Over the past 10 years infrastructure has been more widely recognized as a distinct asset class with diversification benefits to a broader portfolio. With this recognition, new investors have entered the space creating a heighted level of competition. Three broad themes have developed in the market: first, returns have decreased as demand has risen and assets have become more expensive; second, there is a wider variety of assets and therefore risks in the asset class; and third, investors are significantly under-allocated to infrastructure. As investors work towards their desired allocations, asset prices are likely to continue to rise. What I witnessed at OTPP and now at Caledon is that good investors adapt to the investment climate in which they are operating. What we endeavour to do at Caledon is to make sure we think of investment decisions objectively rather than attempt to chase returns. While the market can appear to some to be overheated, the key is identifying opportunities that provide an attractive return at an appropriate risk level. A final point is that there is a greater depth of understanding of the ongoing nature of owning assets. While infrastructure assets tend to be lower-risk, lower-return assets than some other alternatives, they are operating businesses subject to all the vagaries existing in an ever changing world; they aren’t pieces of paper and require diligent management.
What is your outlook for the future of the asset class?
It seems to me that infrastructure is following a similar path to real estate but it is 10 to 15 years behind. I believe that returns in the two asset classes will converge. As the space evolves, there continues to be sharper definition of what infrastructure is, and more interest in the asset class. Investors will continue to deploy their allocations and returns are more likely than not to continue to compress. However, more assets will become available for purchase, including PPPs and secondary sales. Large funds will continue to be a dominant force in the industry but other pools of infrastructure capital will emerge to influence the market.
Infrastructure Market Commentary
With the growing popularity of infrastructure as an asset class, fundraising activity has grown in 2014 with over $37 billion raised through July of last year and $200 billion over the last six years. It is also worthwhile to note that North American infrastructure funds have received 65% of these flows. Within the infrastructure landscape, large funds ($2bn+) continue to be the biggest fundraisers, however smaller funds are also seeing increasing traction.
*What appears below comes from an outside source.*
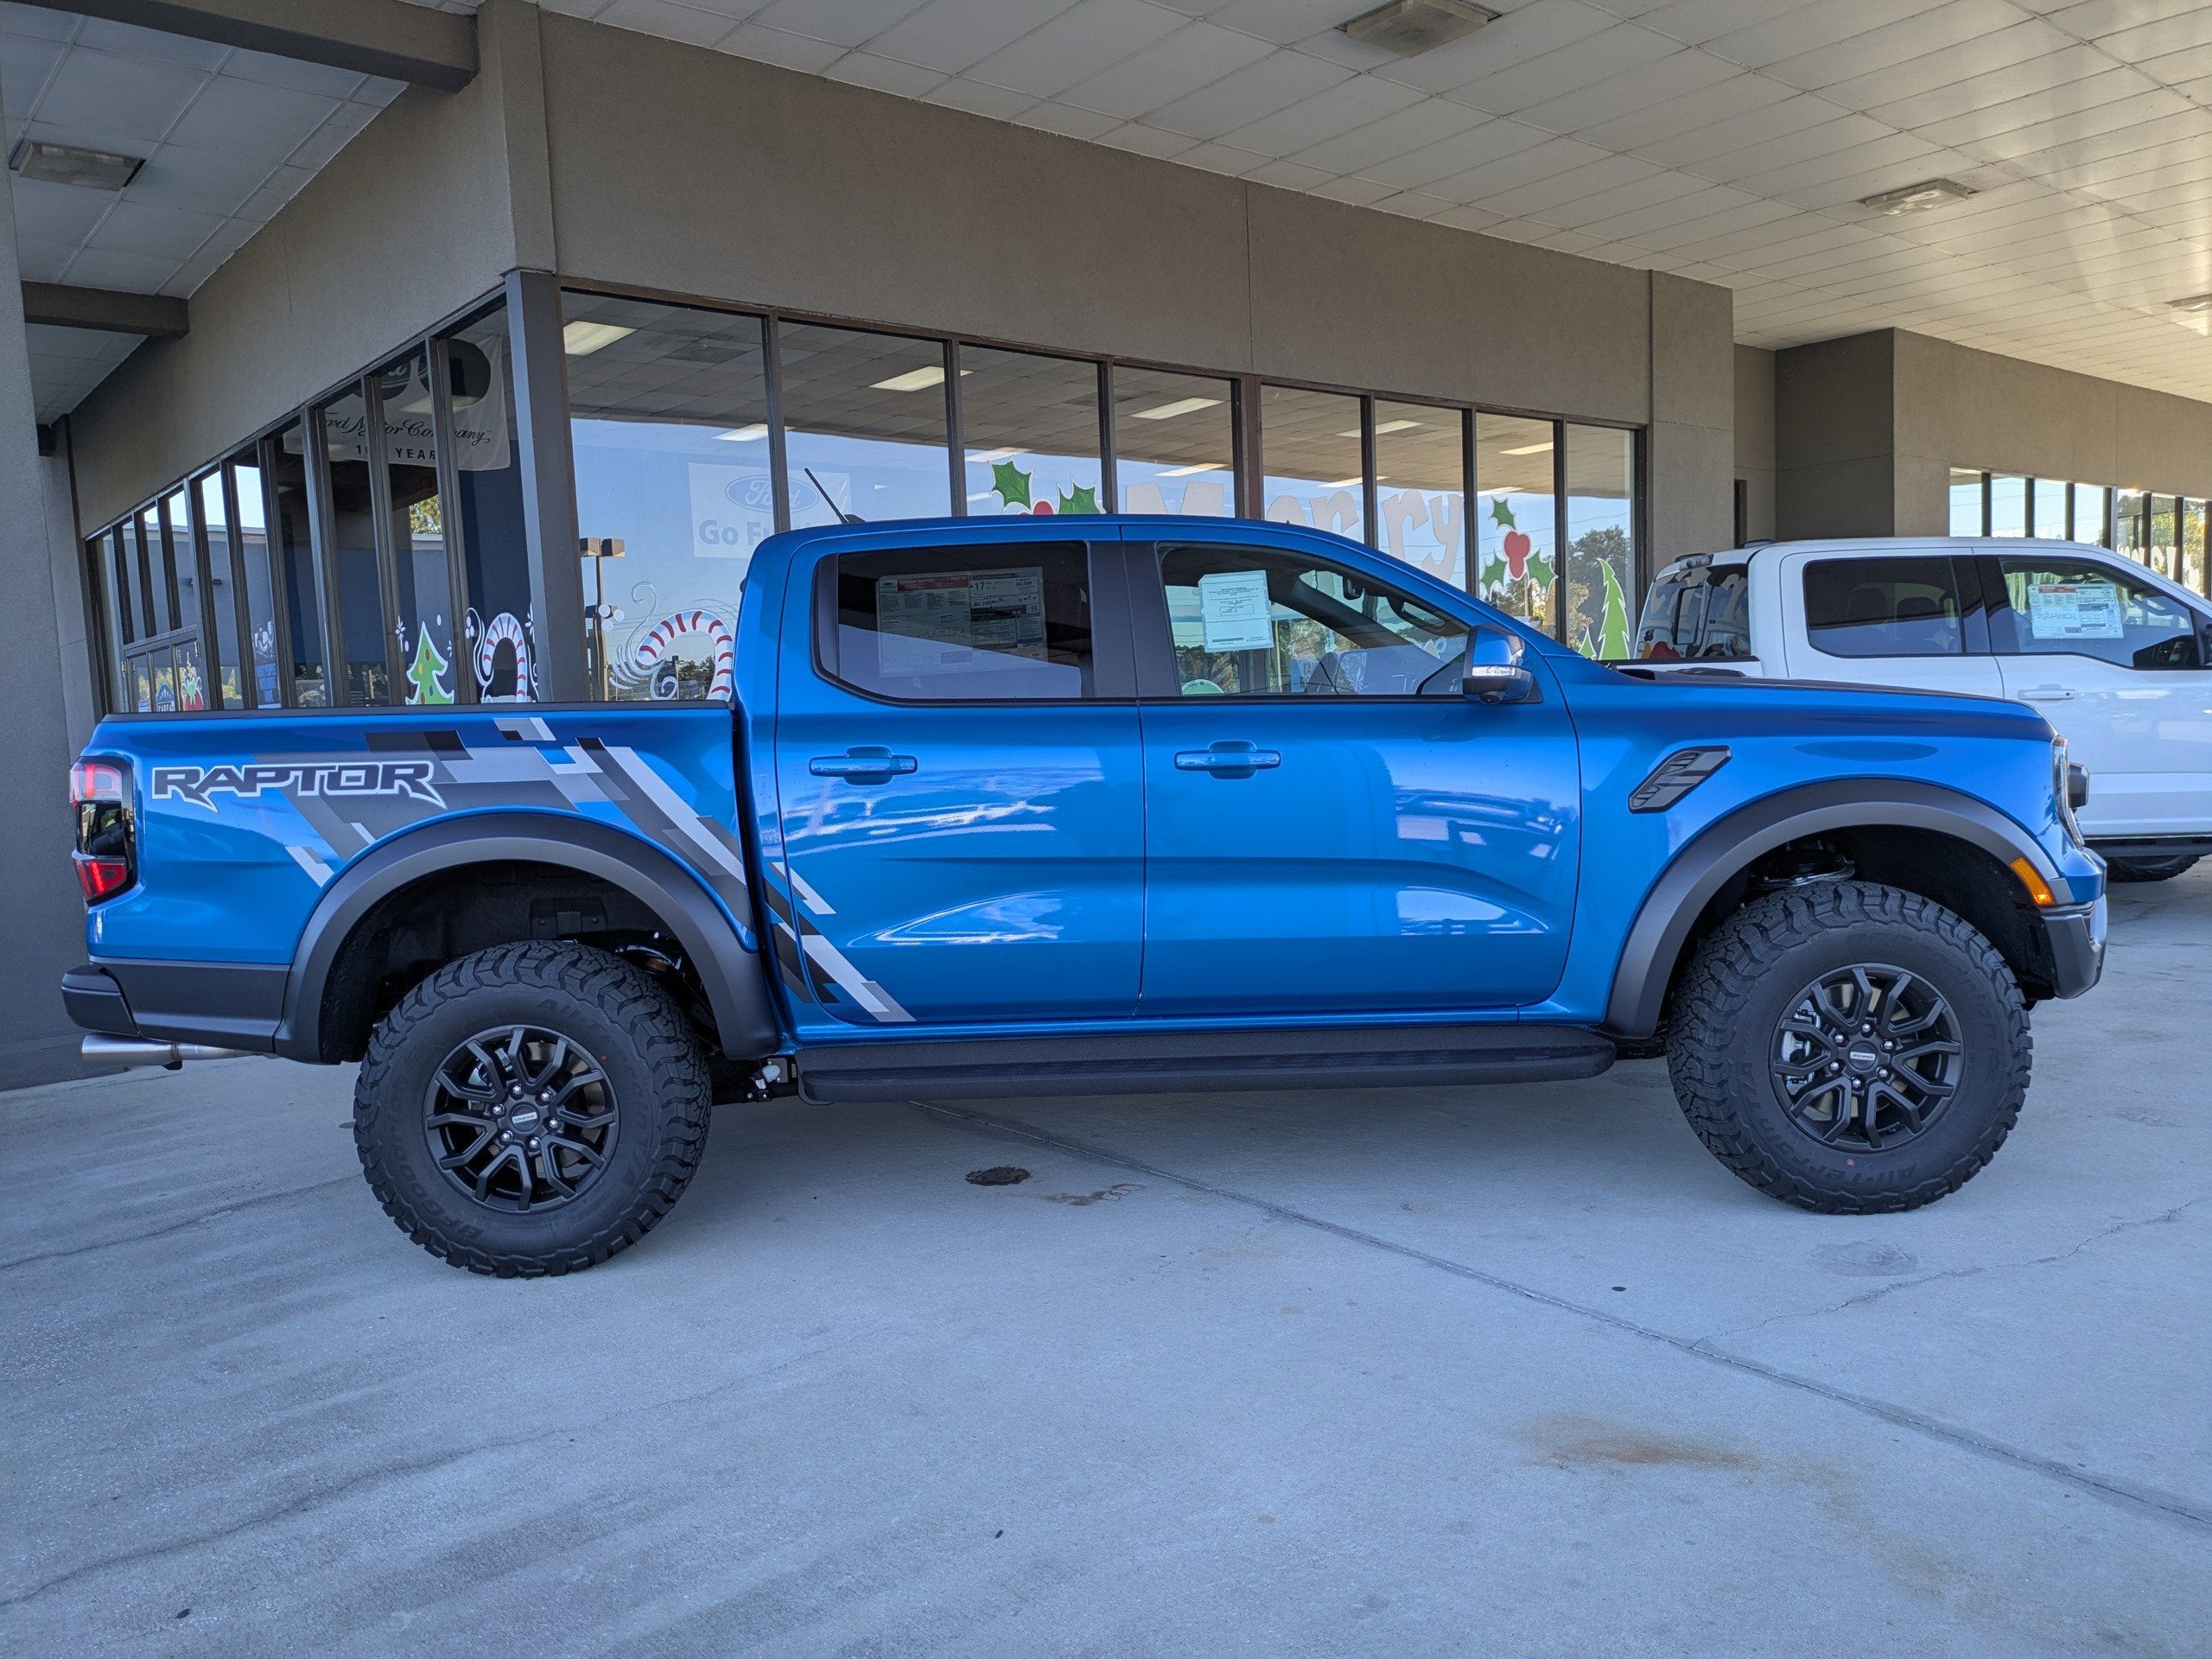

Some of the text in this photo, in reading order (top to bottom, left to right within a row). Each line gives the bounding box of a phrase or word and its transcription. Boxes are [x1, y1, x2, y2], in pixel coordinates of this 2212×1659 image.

It is no surprise that a recent Preqin report suggests that over 85% of infrastructure investors are looking at maintaining or increasing their infrastructure allocation. Given the plethora of new investment opportunities, investors must carefully select fund managers to achieve their required returns.
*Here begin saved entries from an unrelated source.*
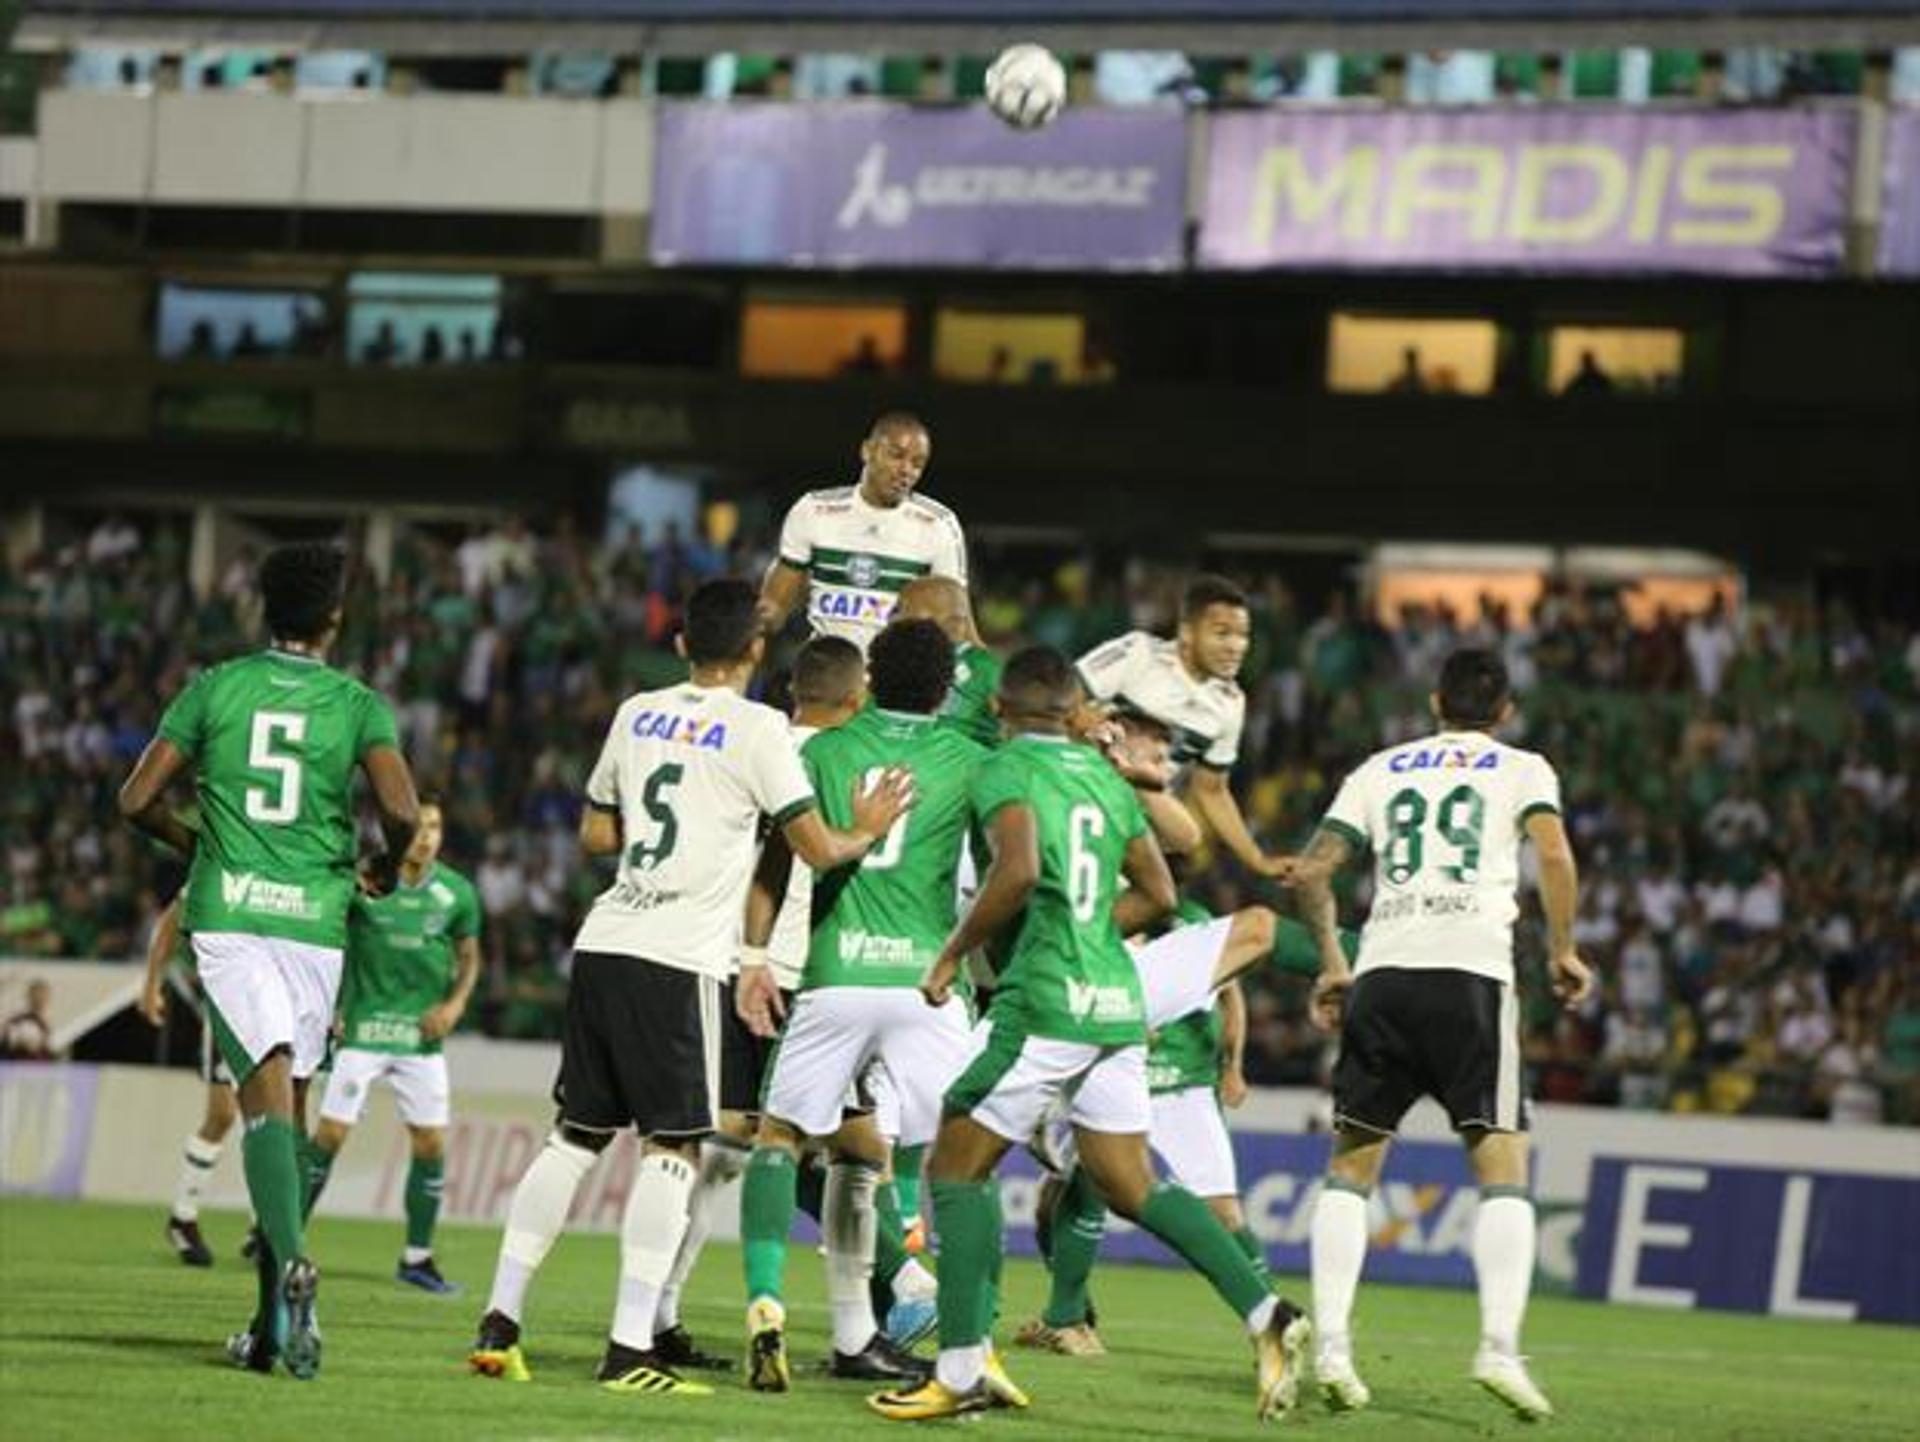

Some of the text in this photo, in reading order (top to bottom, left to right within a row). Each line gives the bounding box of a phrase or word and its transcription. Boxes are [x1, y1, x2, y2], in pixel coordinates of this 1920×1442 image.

[1248, 142, 1794, 249] MADIS
[246, 710, 306, 823] 5
[633, 711, 726, 750] CAIXA
[1389, 750, 1499, 774] CAIXA
[630, 761, 684, 873] 5
[1068, 803, 1105, 923] 6
[1384, 784, 1486, 886] 89
In addition to selecting fund managers, co-investing is generating a significant amount of interest. Nearly 60% of investors surveyed by Preqin are considering co-investing as a way of gaining access to the space. The benefits of co-investing include lower fees as well as more control and transparency, however many risks loom for those willing to take the plunge. Investors may find themselves time constrained in order to close an investment and picking the right co-investment partners is increasingly challenging. Co-investing can most definitely lead to higher returns through lower fees, but it can also lead to greater risks without an experienced team steering the investor to the correct opportunities.